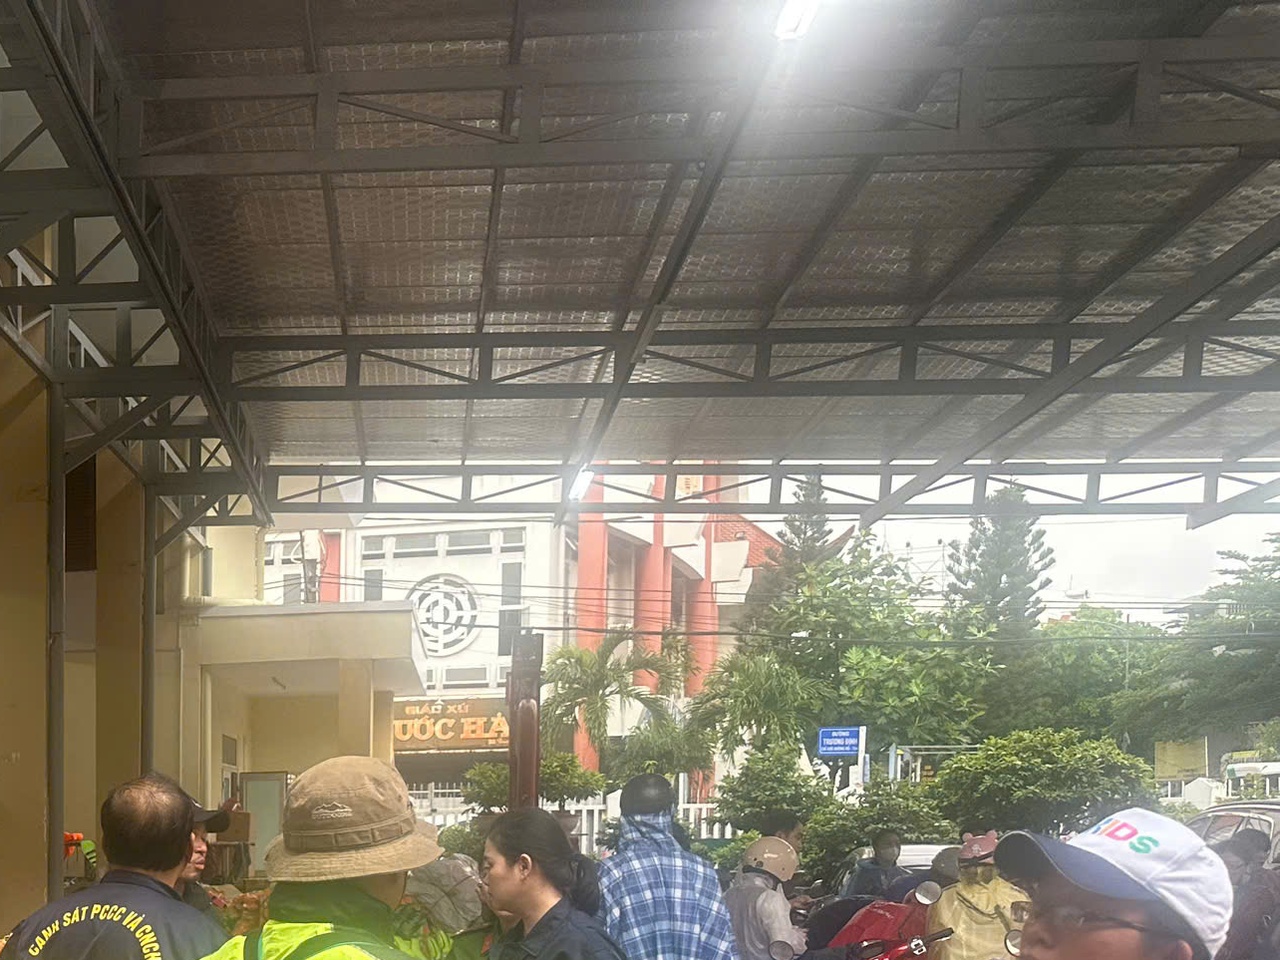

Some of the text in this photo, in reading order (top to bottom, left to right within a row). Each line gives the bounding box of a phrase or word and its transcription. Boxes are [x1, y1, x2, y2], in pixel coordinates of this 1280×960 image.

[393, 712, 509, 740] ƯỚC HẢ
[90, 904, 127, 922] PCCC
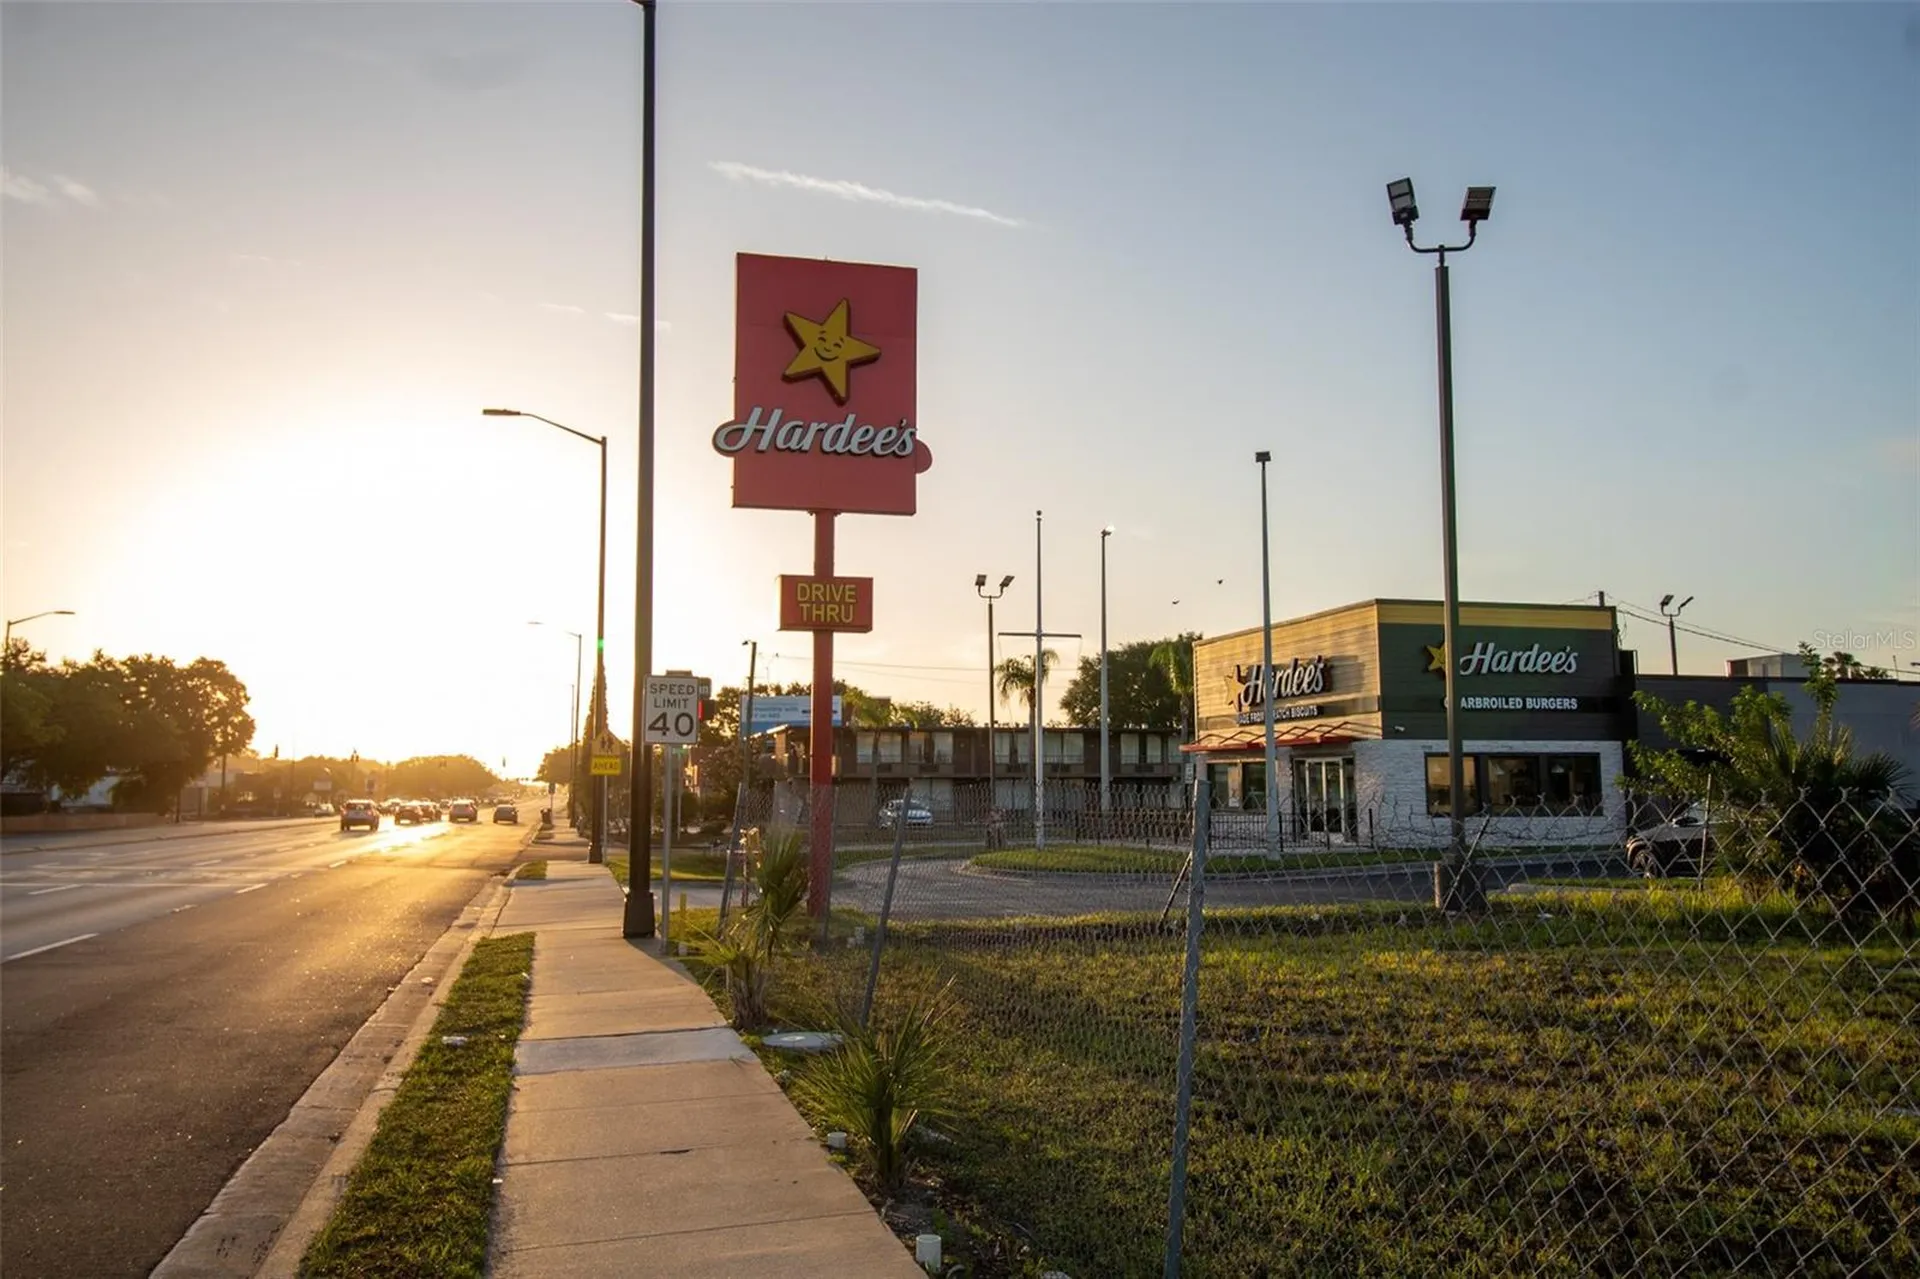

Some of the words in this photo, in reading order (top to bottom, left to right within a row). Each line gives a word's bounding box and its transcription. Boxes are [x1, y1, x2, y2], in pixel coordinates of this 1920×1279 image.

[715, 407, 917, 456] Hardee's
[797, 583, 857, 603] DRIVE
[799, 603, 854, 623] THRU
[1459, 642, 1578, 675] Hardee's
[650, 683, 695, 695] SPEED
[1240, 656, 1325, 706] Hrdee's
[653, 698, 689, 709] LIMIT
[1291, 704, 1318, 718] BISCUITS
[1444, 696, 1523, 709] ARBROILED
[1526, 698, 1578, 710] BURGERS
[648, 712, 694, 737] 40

## PROBLEM STATEMENT
Skip the images and set down the rest of the data unchanged.

## EXERCISE SOLUTION
Some of the text in this photo, in reading order (top to bottom, left to right within a row). Each line gives the bounding box of a phrase or word and its transcription. Boxes are [x1, y1, x2, y2], in pixel coordinates of this 1280×960 image.

[393, 712, 509, 740] ƯỚC HẢ
[90, 904, 127, 922] PCCC

Some of the words in this photo, in reading order (top to bottom, left to right within a row). Each line gives a word's bounding box and its transcription. Boxes are [x1, y1, x2, y2], in pixel coordinates of this 1920×1279 image.

[715, 407, 917, 456] Hardee's
[797, 583, 857, 603] DRIVE
[799, 603, 854, 623] THRU
[1459, 642, 1578, 675] Hardee's
[650, 683, 695, 695] SPEED
[1240, 656, 1325, 706] Hrdee's
[653, 698, 689, 709] LIMIT
[1291, 704, 1318, 718] BISCUITS
[1444, 696, 1523, 709] ARBROILED
[1526, 698, 1578, 710] BURGERS
[648, 712, 694, 737] 40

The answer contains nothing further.